Marrakesh is a thrill to travelers looking to access the Middle East oriental flavor, through a North African city a short plane ride from Spain. Despite the occasional terror attack and instability in the Arab world right now, Marrakesh is a relatively safe city, even for single women travelers, and babies (though they will be kissed a million times by strangers). And it is easy to get around on foot. I recommend Marrakesh highly to curious people from the west or east wanting to access Arabian culture without the fear of what traveling post-Arab Spring might do to your safety or well-being, real or imagined.
Marrakesh features marvelous markets, warm people and boutique hotels waiting to be met: I arrived to the Old City with little planning after sojourning at a conference in Rabat organized by the URI. After Rabat, first I headed south to the Atlas Mountains hoping to enjoy some Berber hospitality, which I did at the Kasbah du Toubkal, a boutique Berber-UK-run resort held in the palms of North Africa’s highest peak.
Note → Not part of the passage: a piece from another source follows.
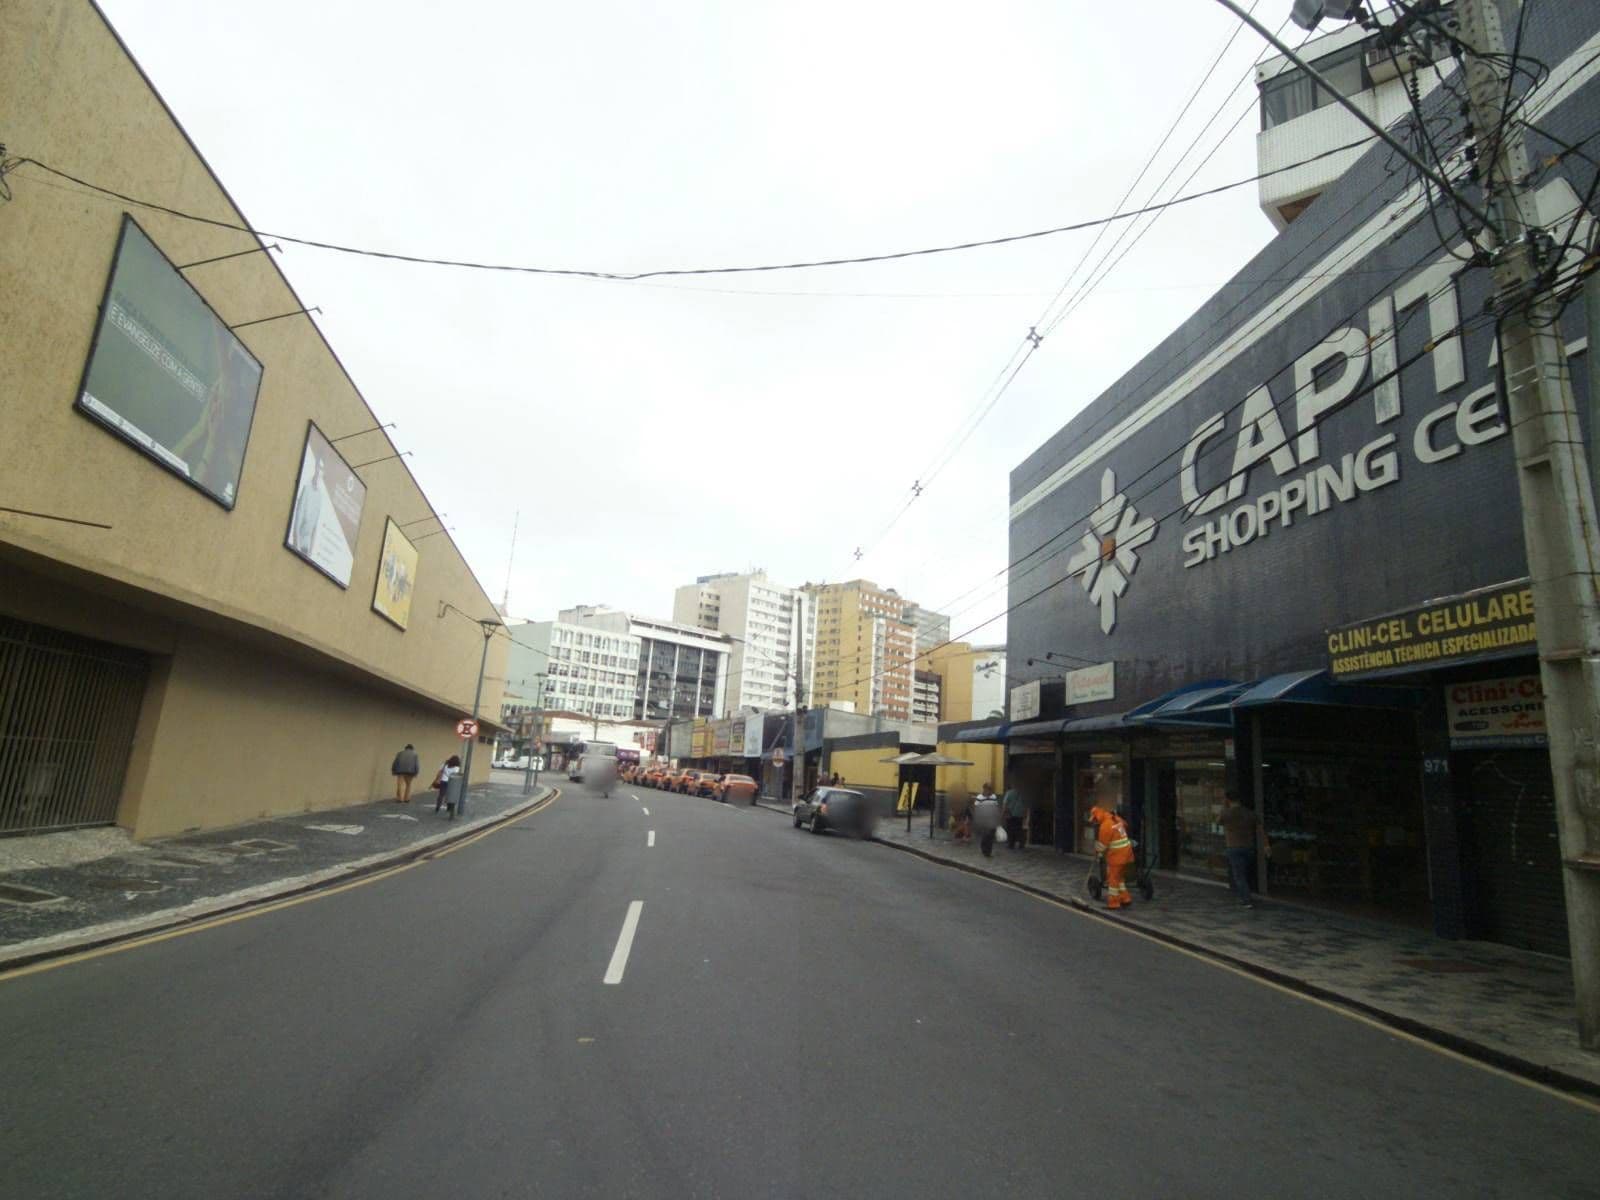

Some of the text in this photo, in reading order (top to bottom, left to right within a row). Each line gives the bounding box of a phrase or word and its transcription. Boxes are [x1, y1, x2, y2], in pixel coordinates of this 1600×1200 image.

After a couple days in the mountain cool air with good people, it was onwards to Marrakesh, and the heat hit me and my baby as we descended by taxi into the throbbing city that provides absolutely no mercy in the noon day sun. It was so hot it hurt breathing in. We refused the air conditioned taxis and tried to acclimate like a local. We were happy though when the driver arrived at the riad Dar Les Cigognes just outside the Royal Palace gates. A flock of nesting swans were perched in their massive fairy tale nests above us (cigognes is swans in French), and when you walk in the door of this special riad the fairy tale simply continues.